Source data →

[Start of Attachment]

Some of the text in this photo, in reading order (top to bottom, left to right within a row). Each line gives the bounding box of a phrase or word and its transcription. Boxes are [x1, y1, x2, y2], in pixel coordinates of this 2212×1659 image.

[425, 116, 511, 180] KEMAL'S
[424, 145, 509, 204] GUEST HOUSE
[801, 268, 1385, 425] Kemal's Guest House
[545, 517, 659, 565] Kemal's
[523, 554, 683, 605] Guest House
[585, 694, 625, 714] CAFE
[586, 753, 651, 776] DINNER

[End of Attachment]

WHAT YOU WILL DO → Write out every record again, exactly as it was written.

EXERCISE OUTPUT →
Some of the text in this photo, in reading order (top to bottom, left to right within a row). Each line gives the bounding box of a phrase or word and its transcription. Boxes are [x1, y1, x2, y2], in pixel coordinates of this 2212×1659 image.

[425, 116, 511, 180] KEMAL'S
[424, 145, 509, 204] GUEST HOUSE
[801, 268, 1385, 425] Kemal's Guest House
[545, 517, 659, 565] Kemal's
[523, 554, 683, 605] Guest House
[585, 694, 625, 714] CAFE
[586, 753, 651, 776] DINNER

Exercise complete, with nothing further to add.